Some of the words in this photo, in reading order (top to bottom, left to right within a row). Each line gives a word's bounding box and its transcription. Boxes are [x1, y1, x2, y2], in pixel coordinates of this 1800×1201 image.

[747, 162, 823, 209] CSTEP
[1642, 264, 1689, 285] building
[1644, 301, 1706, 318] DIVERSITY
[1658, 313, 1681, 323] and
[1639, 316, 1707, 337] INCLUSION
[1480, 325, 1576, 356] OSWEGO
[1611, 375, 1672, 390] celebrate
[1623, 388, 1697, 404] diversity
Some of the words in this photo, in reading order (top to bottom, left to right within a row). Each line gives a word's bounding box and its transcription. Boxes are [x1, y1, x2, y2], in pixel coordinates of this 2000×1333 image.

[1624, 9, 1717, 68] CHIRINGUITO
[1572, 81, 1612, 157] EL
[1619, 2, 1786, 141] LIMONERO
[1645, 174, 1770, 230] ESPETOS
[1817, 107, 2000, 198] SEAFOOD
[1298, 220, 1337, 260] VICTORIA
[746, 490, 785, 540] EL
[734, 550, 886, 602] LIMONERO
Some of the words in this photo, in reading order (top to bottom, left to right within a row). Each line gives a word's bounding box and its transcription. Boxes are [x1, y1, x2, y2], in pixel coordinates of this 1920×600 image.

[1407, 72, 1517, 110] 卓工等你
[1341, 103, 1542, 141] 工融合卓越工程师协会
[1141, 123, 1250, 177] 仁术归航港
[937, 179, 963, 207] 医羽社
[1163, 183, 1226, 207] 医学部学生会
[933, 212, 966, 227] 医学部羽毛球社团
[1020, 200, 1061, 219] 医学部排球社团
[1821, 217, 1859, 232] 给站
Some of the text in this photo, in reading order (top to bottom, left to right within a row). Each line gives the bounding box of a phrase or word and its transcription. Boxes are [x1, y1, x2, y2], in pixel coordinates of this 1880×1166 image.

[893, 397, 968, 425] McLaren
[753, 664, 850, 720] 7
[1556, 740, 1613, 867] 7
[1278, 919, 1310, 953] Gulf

################

[Task brief] Only an exact copy of the data above will do.

[Finished exercise]
Some of the words in this photo, in reading order (top to bottom, left to right within a row). Each line gives a word's bounding box and its transcription. Boxes are [x1, y1, x2, y2], in pixel coordinates of this 1800×1201 image.

[747, 162, 823, 209] CSTEP
[1642, 264, 1689, 285] building
[1644, 301, 1706, 318] DIVERSITY
[1658, 313, 1681, 323] and
[1639, 316, 1707, 337] INCLUSION
[1480, 325, 1576, 356] OSWEGO
[1611, 375, 1672, 390] celebrate
[1623, 388, 1697, 404] diversity
Some of the words in this photo, in reading order (top to bottom, left to right within a row). Each line gives a word's bounding box and its transcription. Boxes are [x1, y1, x2, y2], in pixel coordinates of this 2000×1333 image.

[1624, 9, 1717, 68] CHIRINGUITO
[1572, 81, 1612, 157] EL
[1619, 2, 1786, 141] LIMONERO
[1645, 174, 1770, 230] ESPETOS
[1817, 107, 2000, 198] SEAFOOD
[1298, 220, 1337, 260] VICTORIA
[746, 490, 785, 540] EL
[734, 550, 886, 602] LIMONERO
Some of the words in this photo, in reading order (top to bottom, left to right within a row). Each line gives a word's bounding box and its transcription. Boxes are [x1, y1, x2, y2], in pixel coordinates of this 1920×600 image.

[1407, 72, 1517, 110] 卓工等你
[1341, 103, 1542, 141] 工融合卓越工程师协会
[1141, 123, 1250, 177] 仁术归航港
[937, 179, 963, 207] 医羽社
[1163, 183, 1226, 207] 医学部学生会
[933, 212, 966, 227] 医学部羽毛球社团
[1020, 200, 1061, 219] 医学部排球社团
[1821, 217, 1859, 232] 给站
Some of the text in this photo, in reading order (top to bottom, left to right within a row). Each line gives the bounding box of a phrase or word and its transcription. Boxes are [x1, y1, x2, y2], in pixel coordinates of this 1880×1166 image.

[893, 397, 968, 425] McLaren
[753, 664, 850, 720] 7
[1556, 740, 1613, 867] 7
[1278, 919, 1310, 953] Gulf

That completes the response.